In 2020, my somatic experience was erupted. The combination of the global pandemic along with the justifiable social unrest, my role as an online somatic educator facilitating circles with other teachers and therapists from around the globe, family loss and rupture, parenting older teens and an abrupt reckoning with my ancestral lineage revealed many dimensions of human behavior at once.  These events initiated my decolonial path.  Although I have been actively leaning in and applying decolonial processes since then, I am just now- 4 years later- finding the ability to reflect and give voice to how my worldview and embodiments have been influenced, or shape-shifted. As the program director of Interdisciplinary Movement & Somatics and with a committment to emergent curriculum, the program and membership has supported my way.  I am grateful to the IMS members for traveling with me and trusting in the container of Somatic Groundwork.
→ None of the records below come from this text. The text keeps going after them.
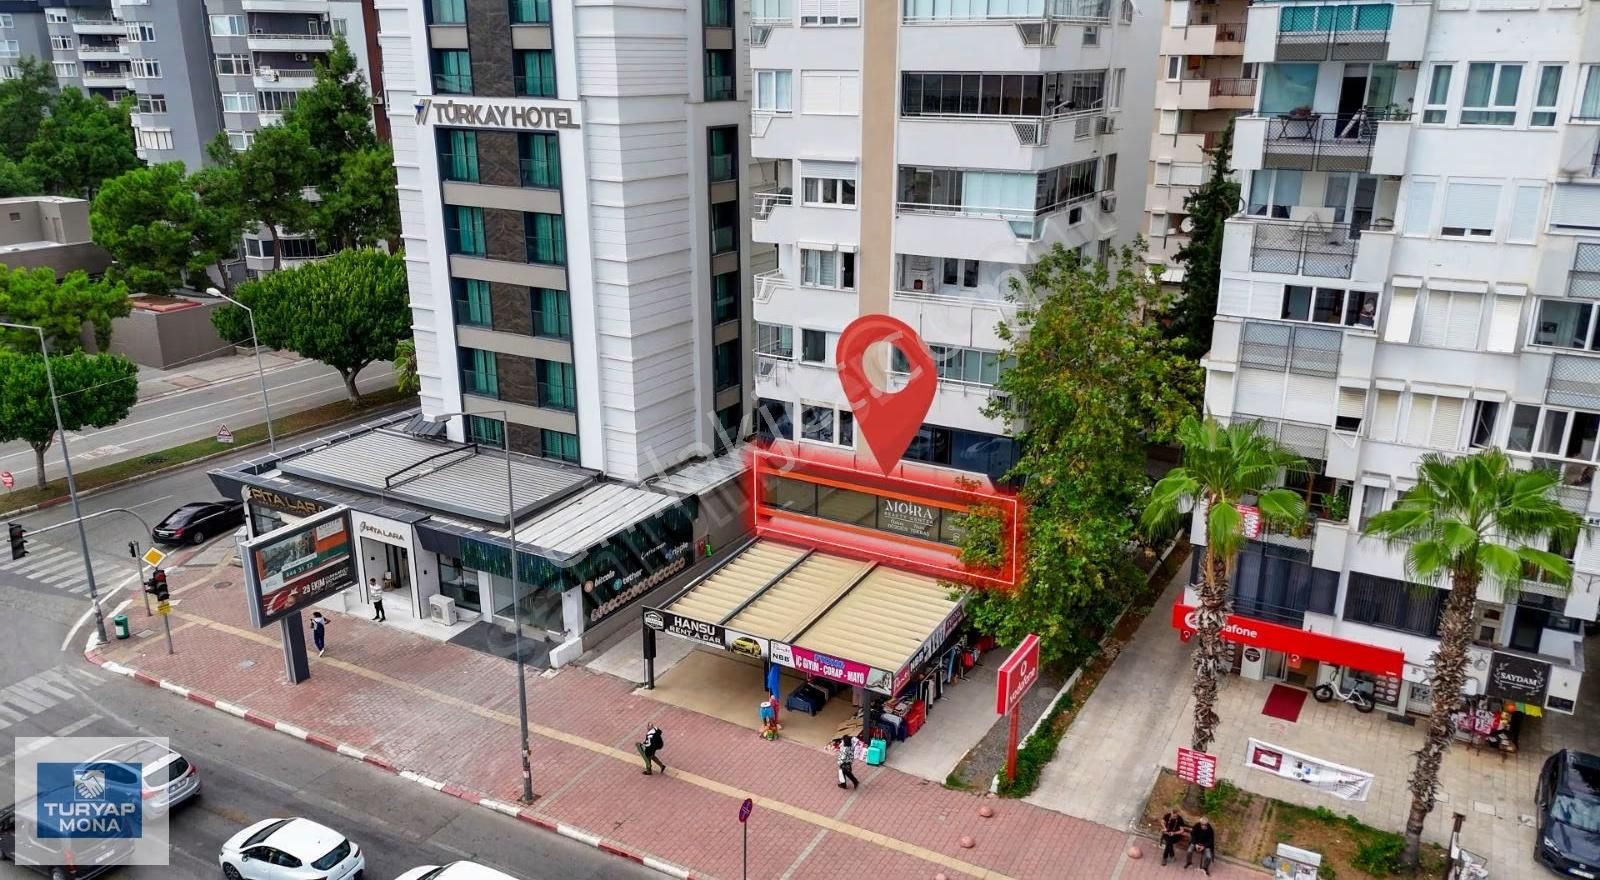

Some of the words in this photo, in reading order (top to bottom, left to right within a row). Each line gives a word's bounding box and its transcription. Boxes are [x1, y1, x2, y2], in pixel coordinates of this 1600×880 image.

[511, 106, 580, 129] HOTEL
[383, 530, 405, 541] LARA
[669, 625, 693, 637] RENT
[702, 634, 721, 644] CAR
[674, 616, 716, 636] HANSU
[1222, 623, 1258, 638] afone
[772, 653, 790, 663] NBB
[823, 665, 844, 679] ÇORAP
[847, 670, 865, 685] MAYO
[1500, 672, 1538, 686] SAYDAM
Another generative container for my learning/unlearning that arose out of the Spring of 2020 is the Emergent Liberation Collective podcast. Dreamed into existence by myself and three others – T. Aisha Edwards, Magdalena Weinstein and Chris Clancy, Emergent Liberation Collective is a seeding space for somatics and spirituality as vehicles for regenerative belonging. After Aisha and I completed Season 3, we decided to take a break and digest and embody our committment to slow podcasting.  You can to the podcast on your favorite player.

Emergent Liberation Collective

ELC acknowledges personal and ancestral trauma as embedded in the oppressive socio historical context of EMPIRE (body hierarchy, colonization, totalitarian agricultural economic systems) that privileges some living beings over others and privileges the visible over the invisible. We desire to participate in a relational web that acknowledges spirit and community as sources of wisdom.

ELC co-creates an open ended praxis to disentangle the embodied beliefs and imprints of colonized civilization in order to plant new seeds and remember our base relationship with earth and life. By offering vulnerable conversations, inspired readings and somatic practices, ELC desires to awaken curiosity, insight and hunger for deeper shared wisdom and radical renewal. Like a murmuration of starlings, we thread a somatic way, a participatory field toward listening and learning together.